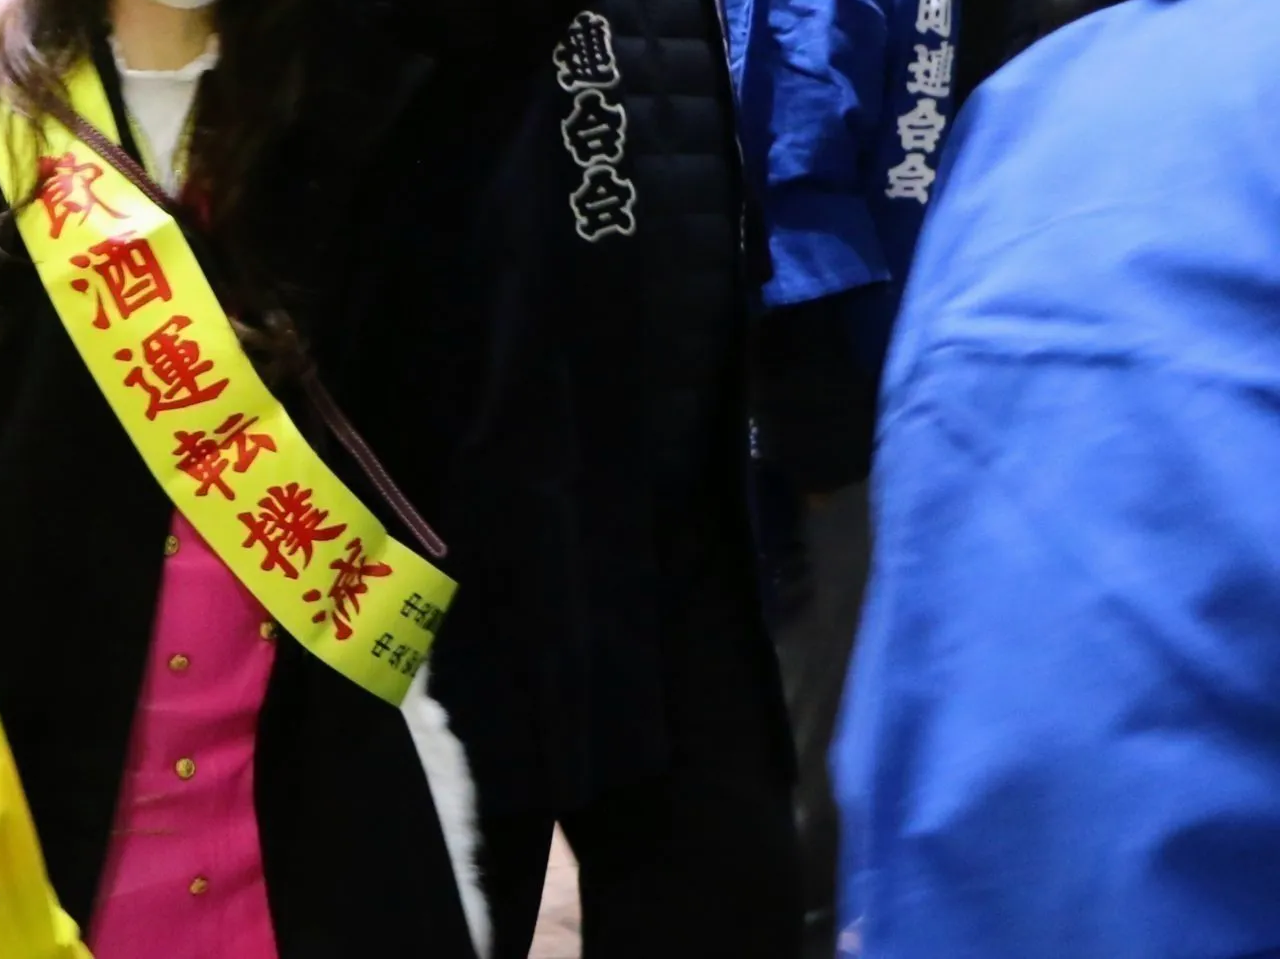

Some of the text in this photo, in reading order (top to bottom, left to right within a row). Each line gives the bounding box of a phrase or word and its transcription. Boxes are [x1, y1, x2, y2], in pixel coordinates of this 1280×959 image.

[34, 150, 394, 641] 飲酒運転撲滅
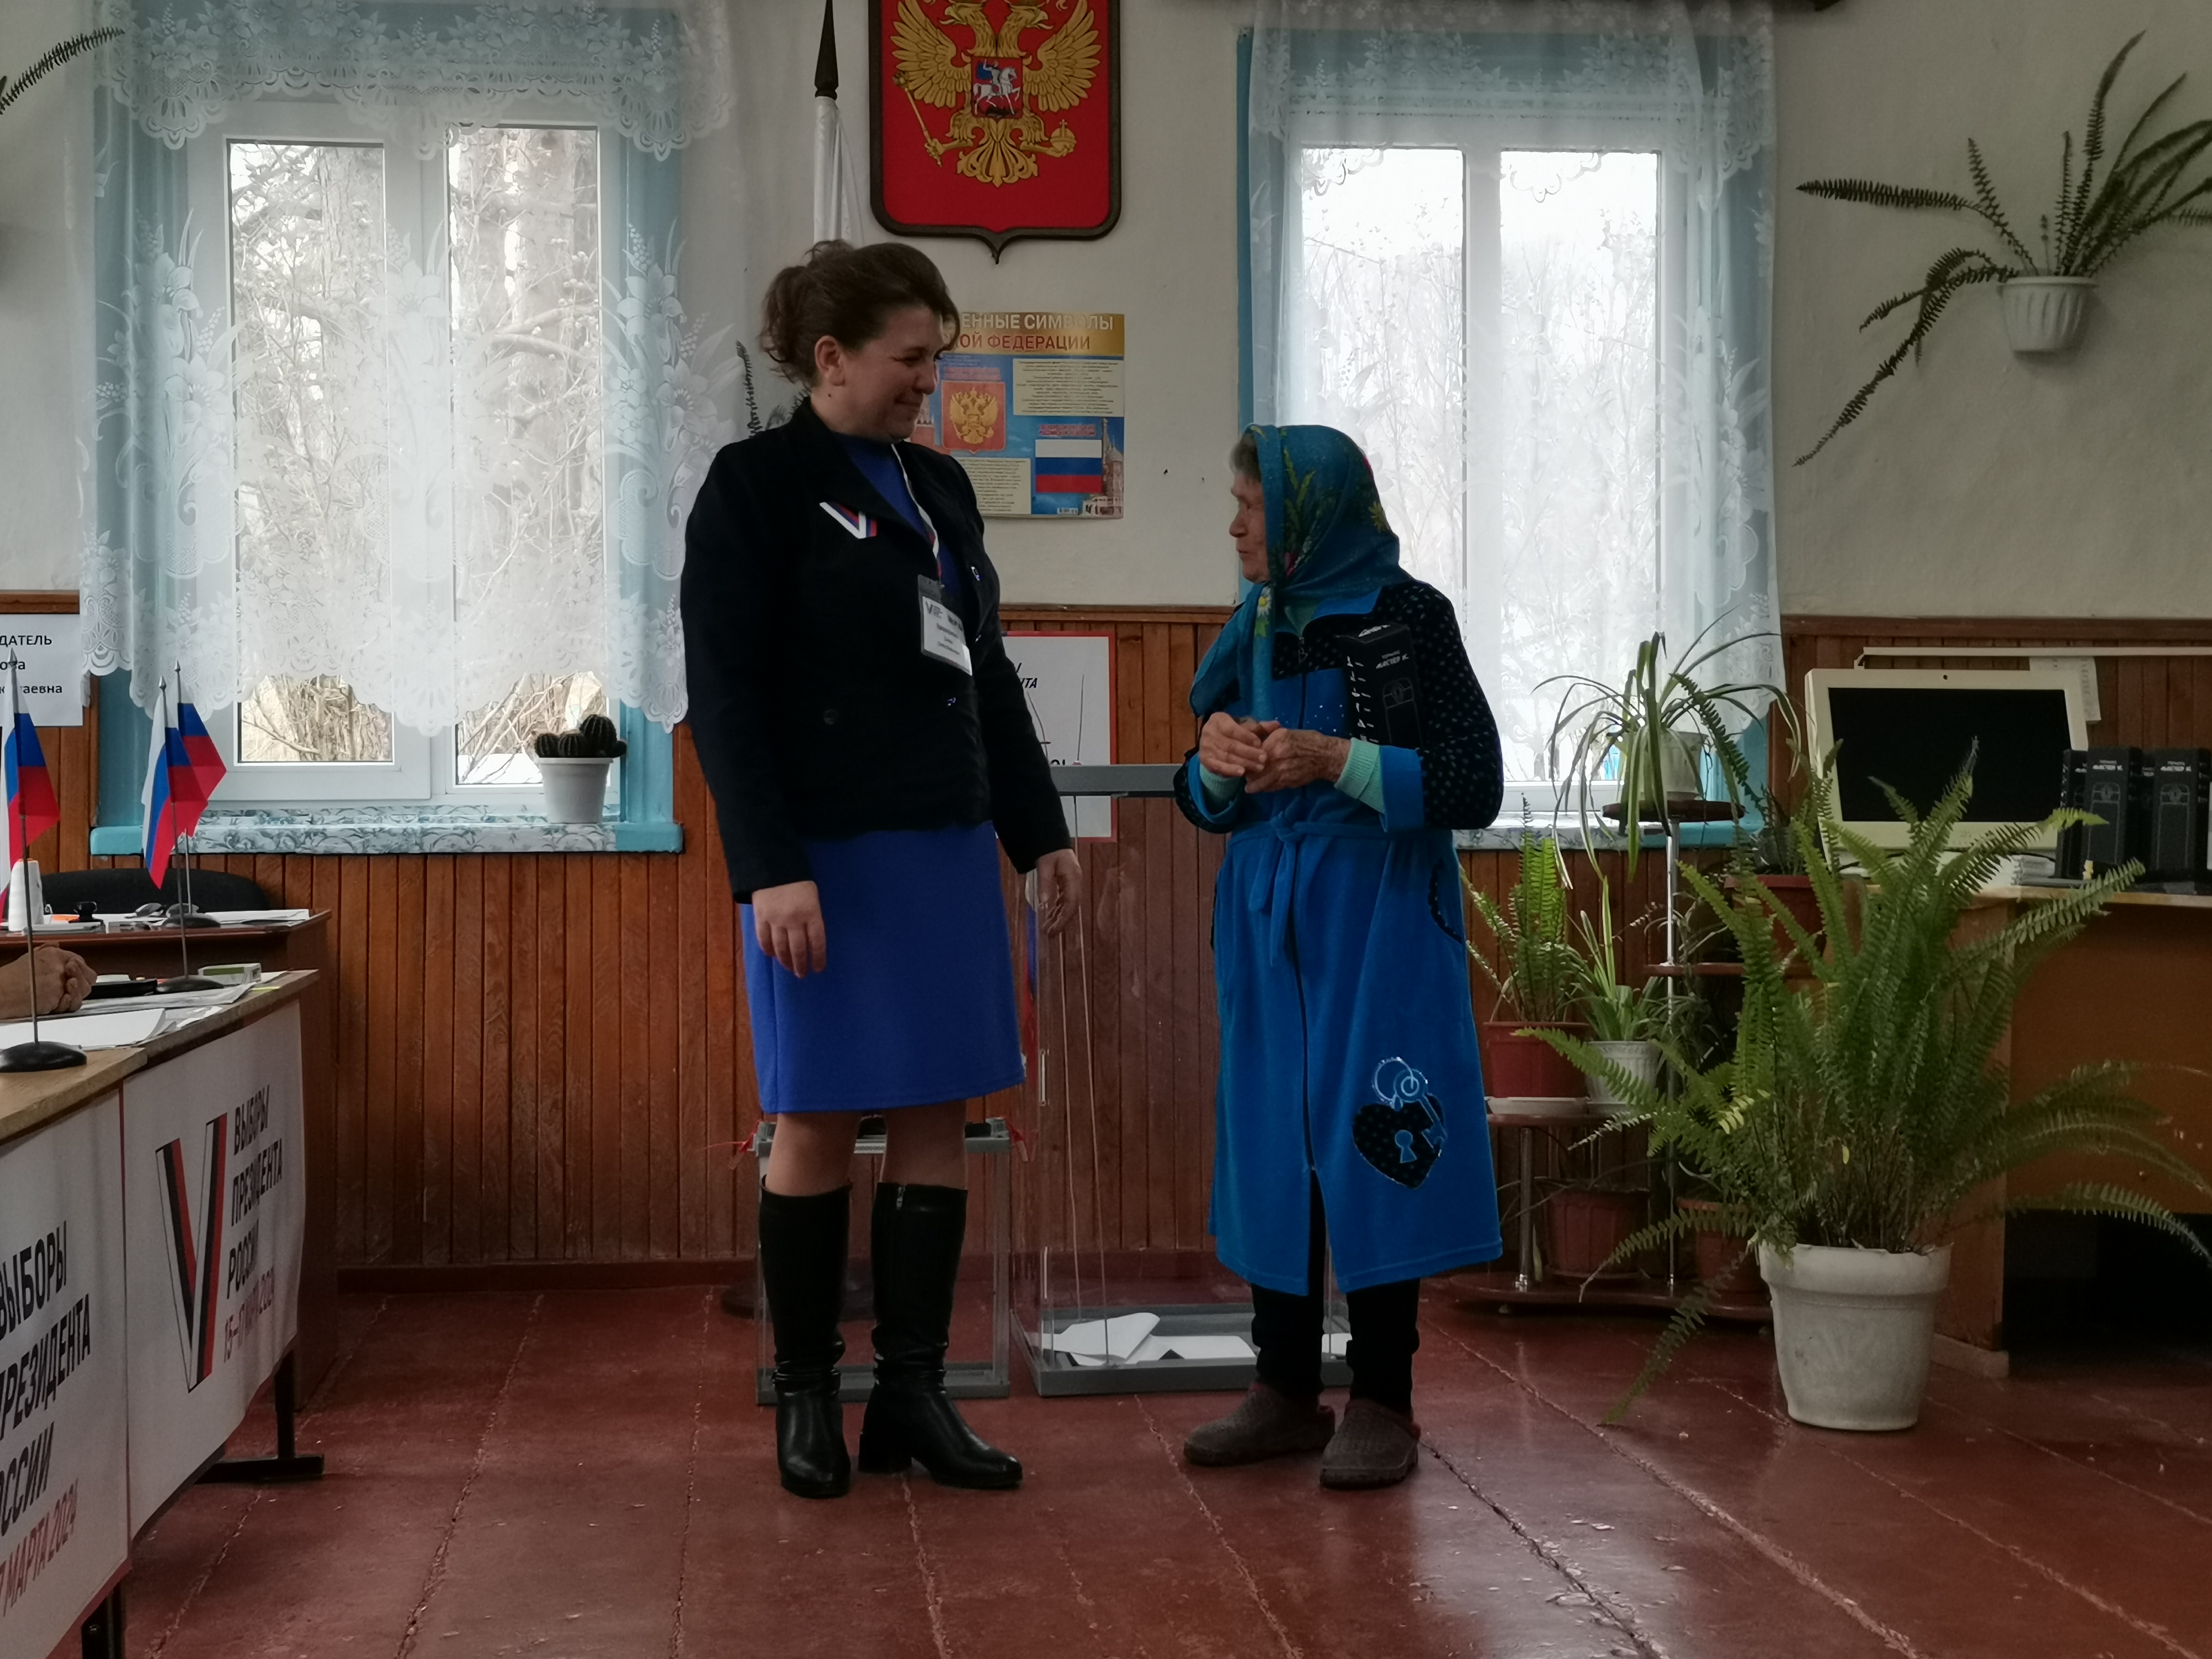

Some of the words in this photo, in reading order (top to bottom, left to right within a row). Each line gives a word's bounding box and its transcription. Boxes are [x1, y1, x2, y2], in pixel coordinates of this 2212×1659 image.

[1024, 314, 1113, 330] СИМВОЛЫ
[956, 331, 982, 348] ОЙ
[987, 335, 1090, 351] ФЕДЕРАЦИИ
[0, 635, 52, 648] ДАТЕЛЬ
[231, 1138, 283, 1227] ПРЕЗДЕНТА

━━━━━━━━━━━━━━━━

This exercise calls for the lines from the one holding "Some of the words" through the end of the entries, transcribed exactly and with nothing more.

Some of the words in this photo, in reading order (top to bottom, left to right within a row). Each line gives a word's bounding box and its transcription. Boxes are [x1, y1, x2, y2], in pixel coordinates of this 2212×1659 image.

[1024, 314, 1113, 330] СИМВОЛЫ
[956, 331, 982, 348] ОЙ
[987, 335, 1090, 351] ФЕДЕРАЦИИ
[0, 635, 52, 648] ДАТЕЛЬ
[231, 1138, 283, 1227] ПРЕЗДЕНТА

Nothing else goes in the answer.